Several things led to that split: the startling predictions of relativity and quantum mechanics, borne out by experimentalists right down to the most unlikely-sounding results, for one. The Manhattan Project, which was a triumph of engineering, but was seen, I'd say, by many in the general public as sheer theory somehow made real. The personal fame of people like Einstein, and the fame of later practitioners like Feynman and Hawking. All of this made experimental physicists seem either like 19th-century relics, or (more often) made them confused in the public's mind with theorists from the very beginning. (The only post-1900 physicist that I can think of who was both a great theorist and a great experimentalist was Enrico Fermi). Update - qualified that to take care of off-the-charts figures like Isaac Newton.
Chemistry, on the other hand, has always been an experimental science in the public mind. Say "chemist", and people think of someone in a lab coat, in a lab, surrounded by chemicals. "Theoretical chemistry" is not a phrase with any popular currency, as opposed to "theoretical physics". Even many chemists tend to think of someone who spends all their time on theory as being close to a physicist, or even a mathematician.

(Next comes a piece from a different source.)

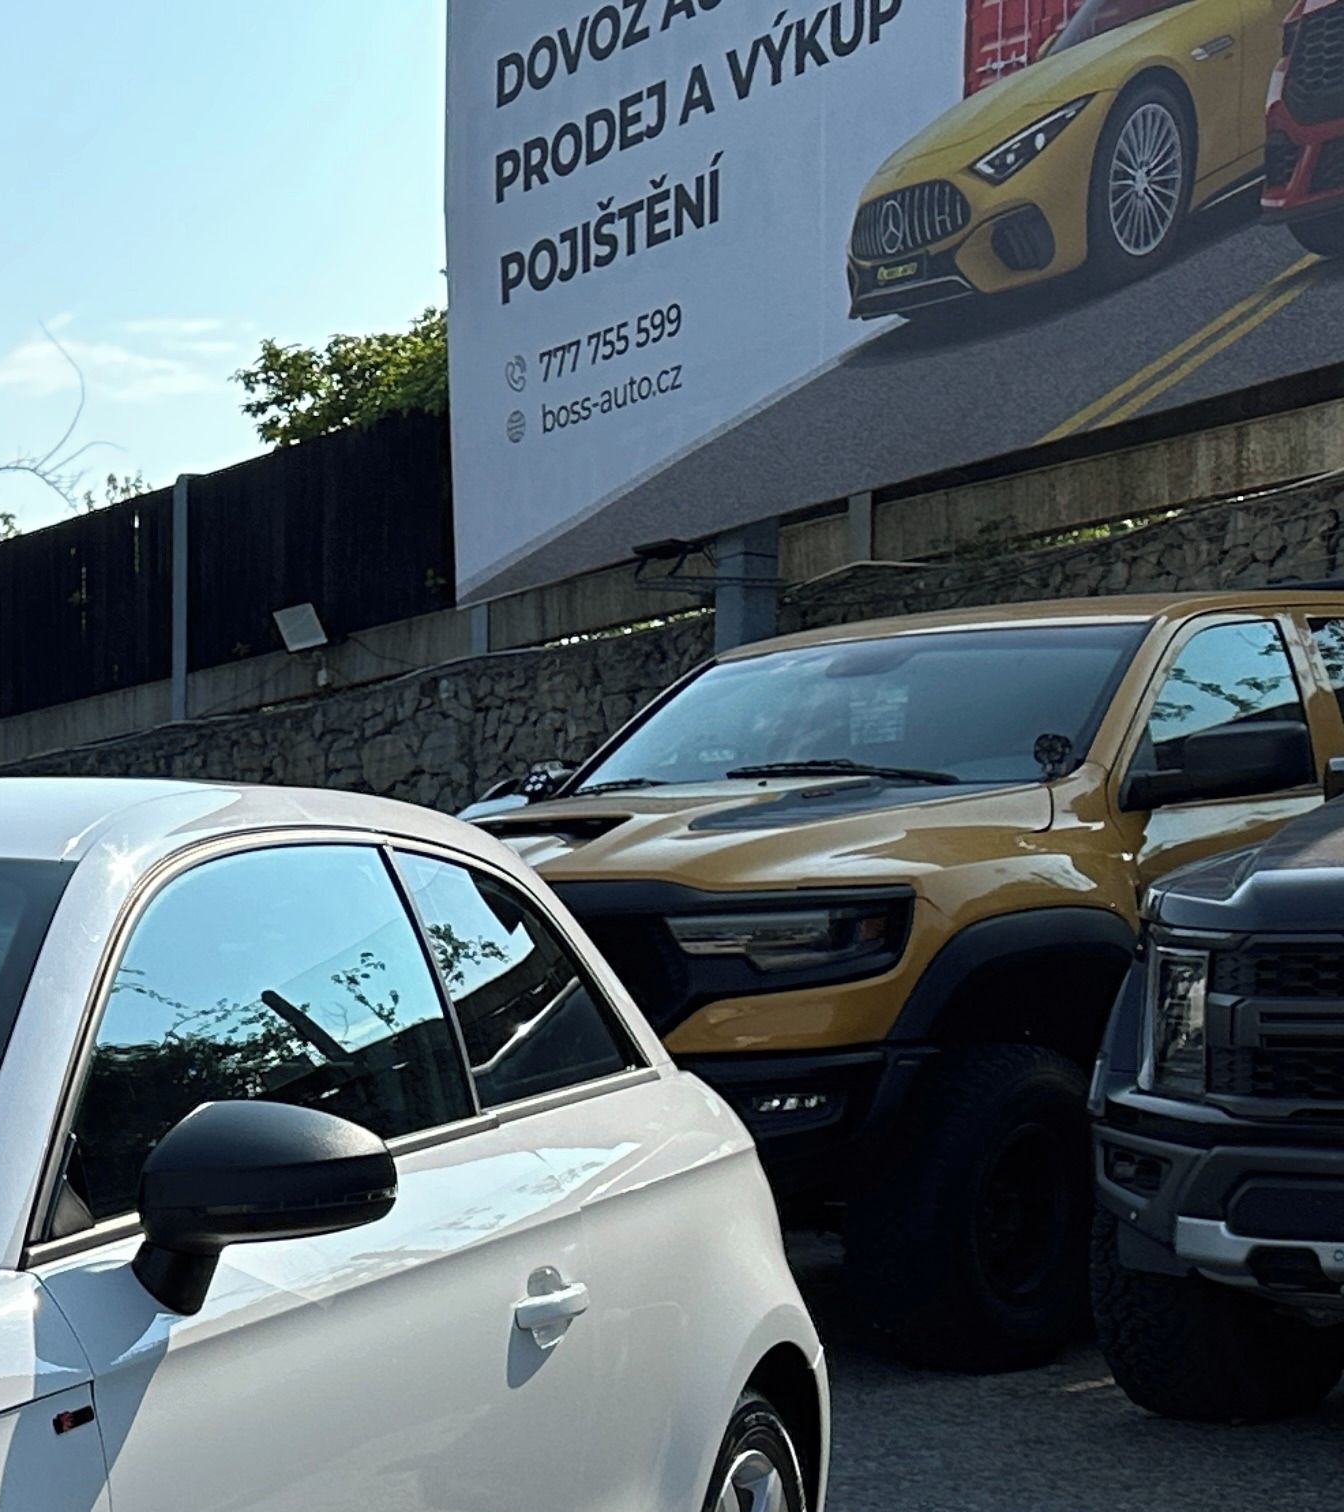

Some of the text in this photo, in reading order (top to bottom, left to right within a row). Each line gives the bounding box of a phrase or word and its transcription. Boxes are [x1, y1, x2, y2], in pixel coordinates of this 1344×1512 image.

Some of the practitioners don't do much to clarify matters. Witness the great Lars Onsager, who really was a chemist (and won the 1968 Nobel for it). But his PhD dissertation, which had to be whipped up when Yale discovered he didn't have a doctorate, was (disconcertingly) on Mathieu functions, and Yale's math department said that they'd be glad to grant him the degree if the chemists had any problem with it. Very few people are competent to read all of Onsager's Collected Works.
I agree with Orzel, though, that experiment is the beating pulse of any scientific field. That's the worry that some people have had about physics in recent years, that it's strayed into areas where experiments cannot help. Chemistry will, I think, never have that problem. But we've got others.